**Items from a dataset:**
□ □ □ □ □
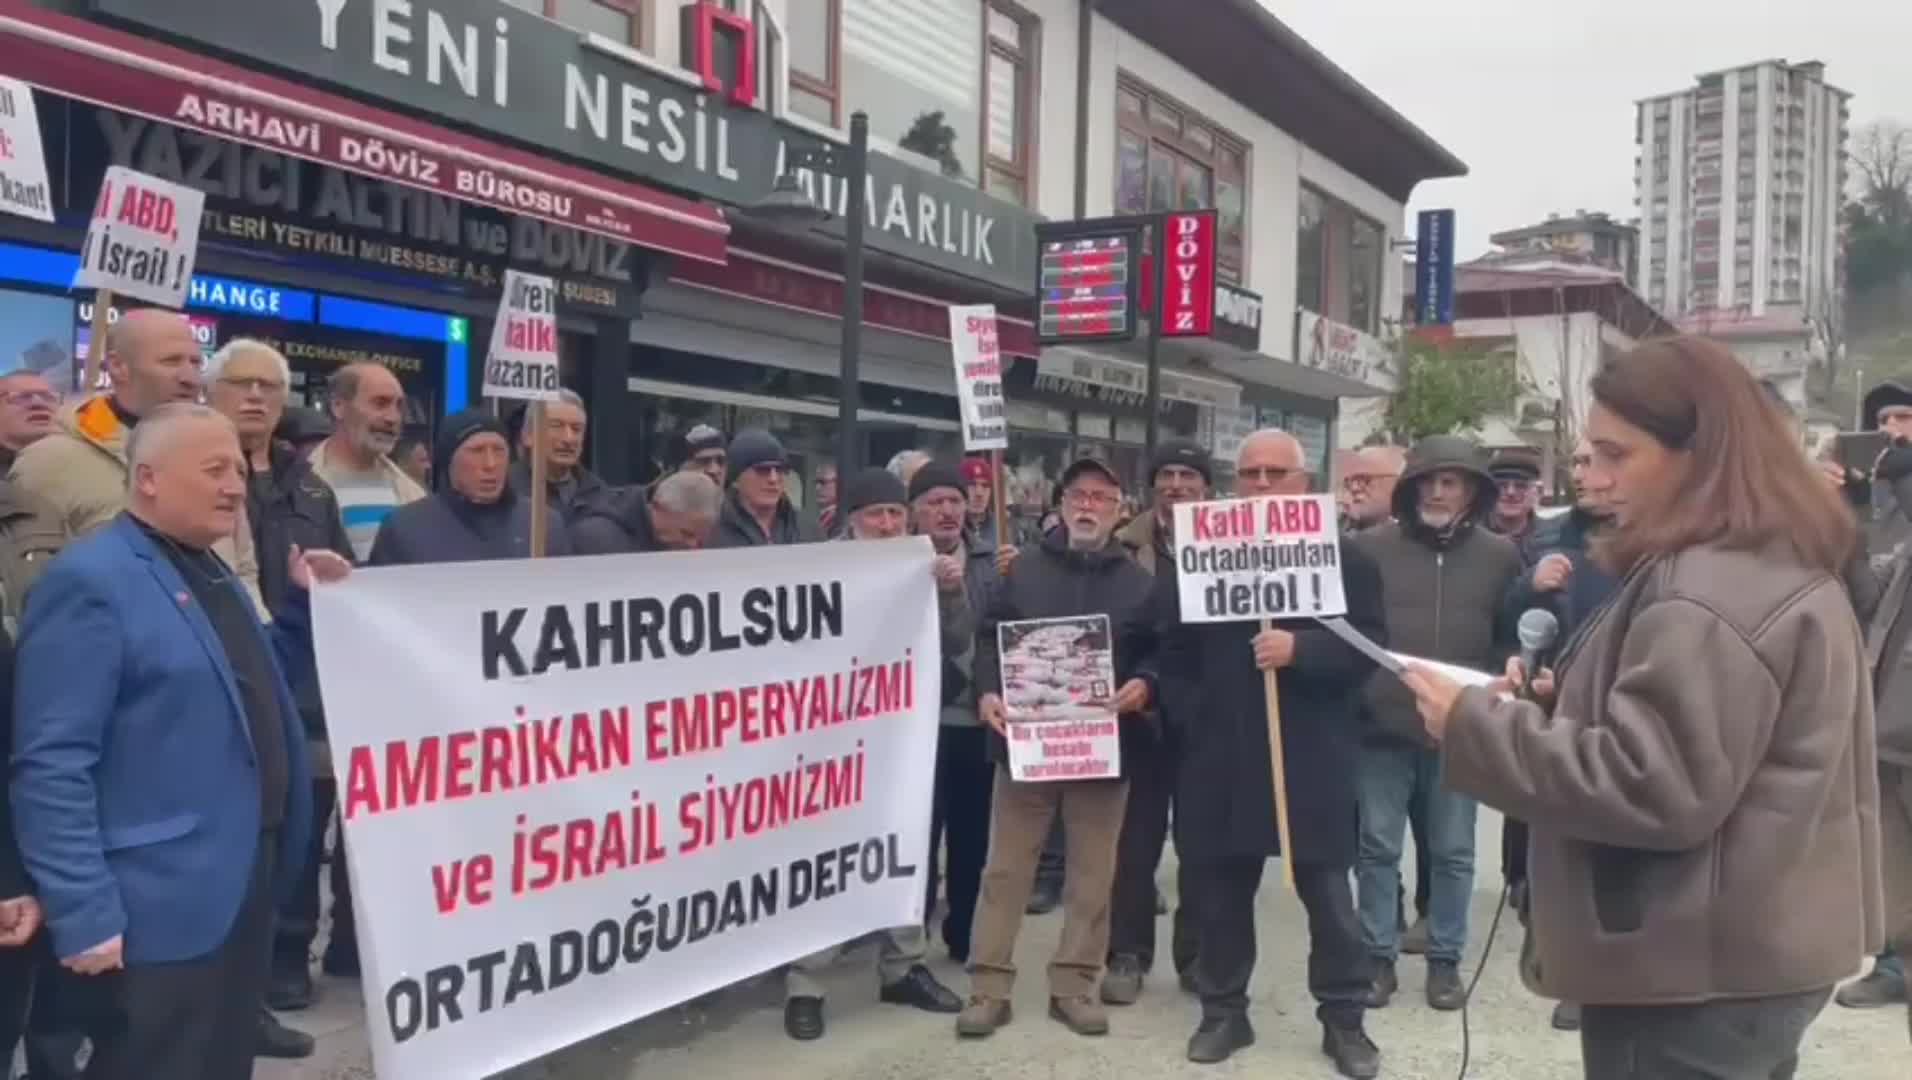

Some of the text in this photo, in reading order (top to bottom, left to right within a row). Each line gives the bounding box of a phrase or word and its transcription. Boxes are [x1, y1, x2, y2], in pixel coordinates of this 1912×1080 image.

[314, 0, 509, 108] YENİ
[563, 62, 740, 182] NESİL
[175, 93, 573, 218] ARHAVİ DÖVİZ BÜROSU
[97, 224, 169, 287] İsrail
[117, 184, 179, 244] ABD,
[190, 278, 281, 313] HANGE
[1175, 215, 1200, 331] DÖVİZ
[1181, 538, 1337, 575] Ortadoğudan
[1191, 499, 1321, 541] Katil ABD
[480, 580, 843, 681] KAHROLSUN
[1204, 572, 1323, 617] defol !
[344, 647, 914, 820] AMERİKAN EMPERYALİZMİ
[431, 740, 865, 914] ve İSRAİL SİYONİZMİ
[384, 833, 917, 1044] ORTADOĞUDAN DEFOL
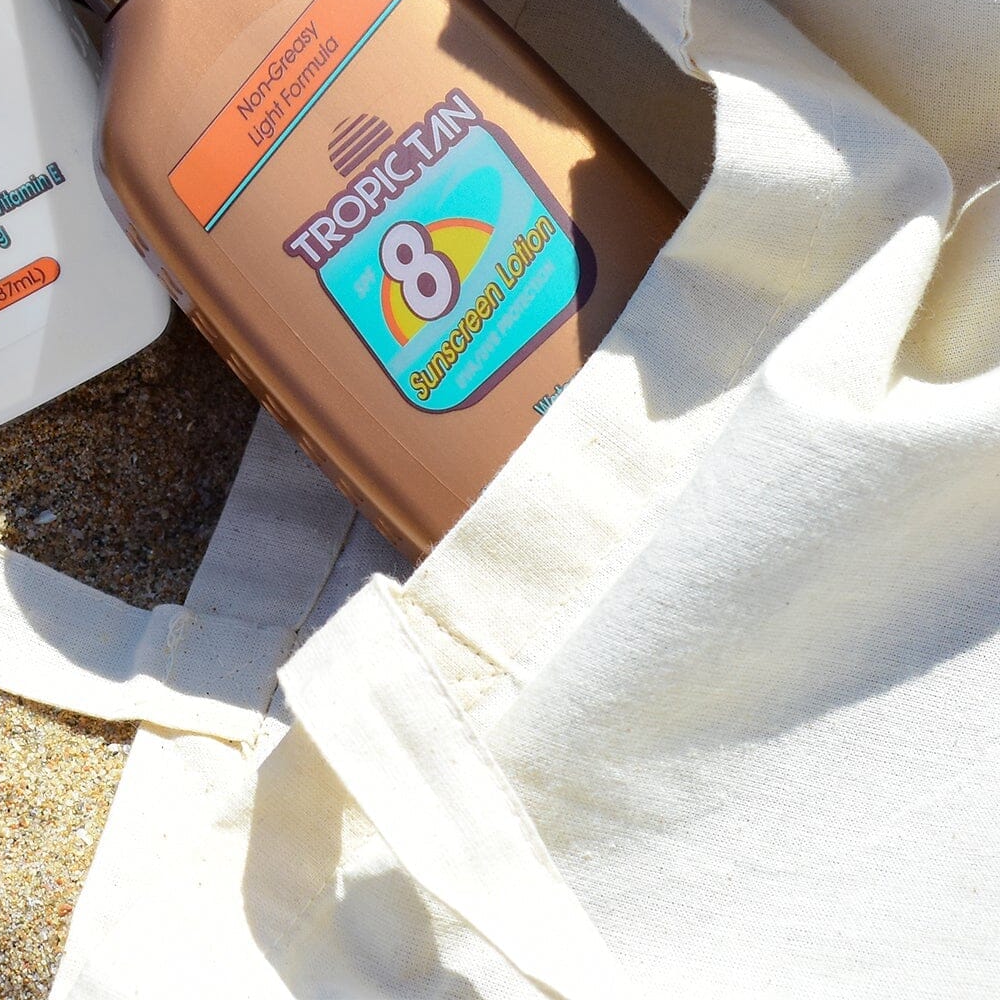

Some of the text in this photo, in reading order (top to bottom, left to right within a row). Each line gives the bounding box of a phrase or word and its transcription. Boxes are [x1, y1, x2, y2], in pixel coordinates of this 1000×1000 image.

[236, 20, 320, 121] Non-Greasy
[247, 35, 340, 148] Light Formula
[46, 161, 67, 186] E
[290, 93, 478, 264] TROPIC TAN
[378, 220, 461, 322] 8
[409, 281, 506, 401] Sunscreen
[494, 215, 557, 291] Lotion
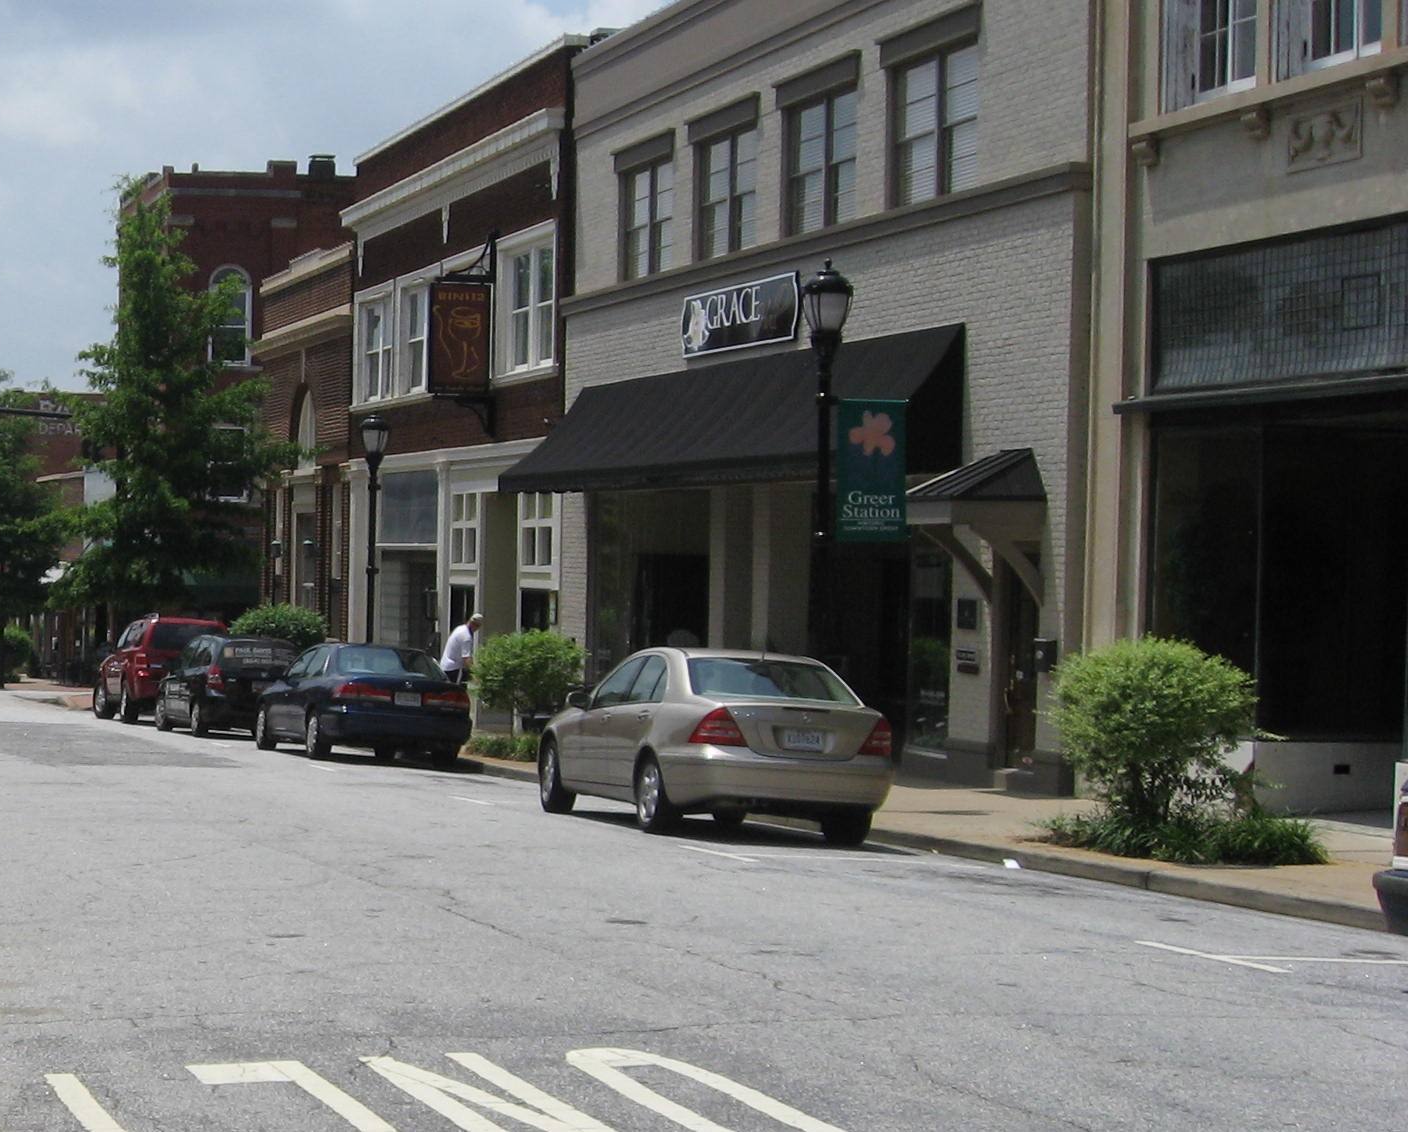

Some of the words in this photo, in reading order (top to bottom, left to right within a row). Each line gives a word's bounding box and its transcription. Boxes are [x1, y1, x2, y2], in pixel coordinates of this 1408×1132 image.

[706, 286, 761, 330] GRACE
[848, 490, 896, 504] Greer
[842, 504, 900, 518] Station
□ □ □ □ □
**WHAT IS NEEDED:** Repeat, exactly and in full, all records above, but include no pictures.

**EXERCISE SOLUTION:**
Some of the text in this photo, in reading order (top to bottom, left to right within a row). Each line gives the bounding box of a phrase or word and its transcription. Boxes are [x1, y1, x2, y2], in pixel coordinates of this 1912×1080 image.

[314, 0, 509, 108] YENİ
[563, 62, 740, 182] NESİL
[175, 93, 573, 218] ARHAVİ DÖVİZ BÜROSU
[97, 224, 169, 287] İsrail
[117, 184, 179, 244] ABD,
[190, 278, 281, 313] HANGE
[1175, 215, 1200, 331] DÖVİZ
[1181, 538, 1337, 575] Ortadoğudan
[1191, 499, 1321, 541] Katil ABD
[480, 580, 843, 681] KAHROLSUN
[1204, 572, 1323, 617] defol !
[344, 647, 914, 820] AMERİKAN EMPERYALİZMİ
[431, 740, 865, 914] ve İSRAİL SİYONİZMİ
[384, 833, 917, 1044] ORTADOĞUDAN DEFOL

Some of the text in this photo, in reading order (top to bottom, left to right within a row). Each line gives the bounding box of a phrase or word and its transcription. Boxes are [x1, y1, x2, y2], in pixel coordinates of this 1000×1000 image.

[236, 20, 320, 121] Non-Greasy
[247, 35, 340, 148] Light Formula
[46, 161, 67, 186] E
[290, 93, 478, 264] TROPIC TAN
[378, 220, 461, 322] 8
[409, 281, 506, 401] Sunscreen
[494, 215, 557, 291] Lotion

Some of the words in this photo, in reading order (top to bottom, left to right within a row). Each line gives a word's bounding box and its transcription. Boxes are [x1, y1, x2, y2], in pixel coordinates of this 1408×1132 image.

[706, 286, 761, 330] GRACE
[848, 490, 896, 504] Greer
[842, 504, 900, 518] Station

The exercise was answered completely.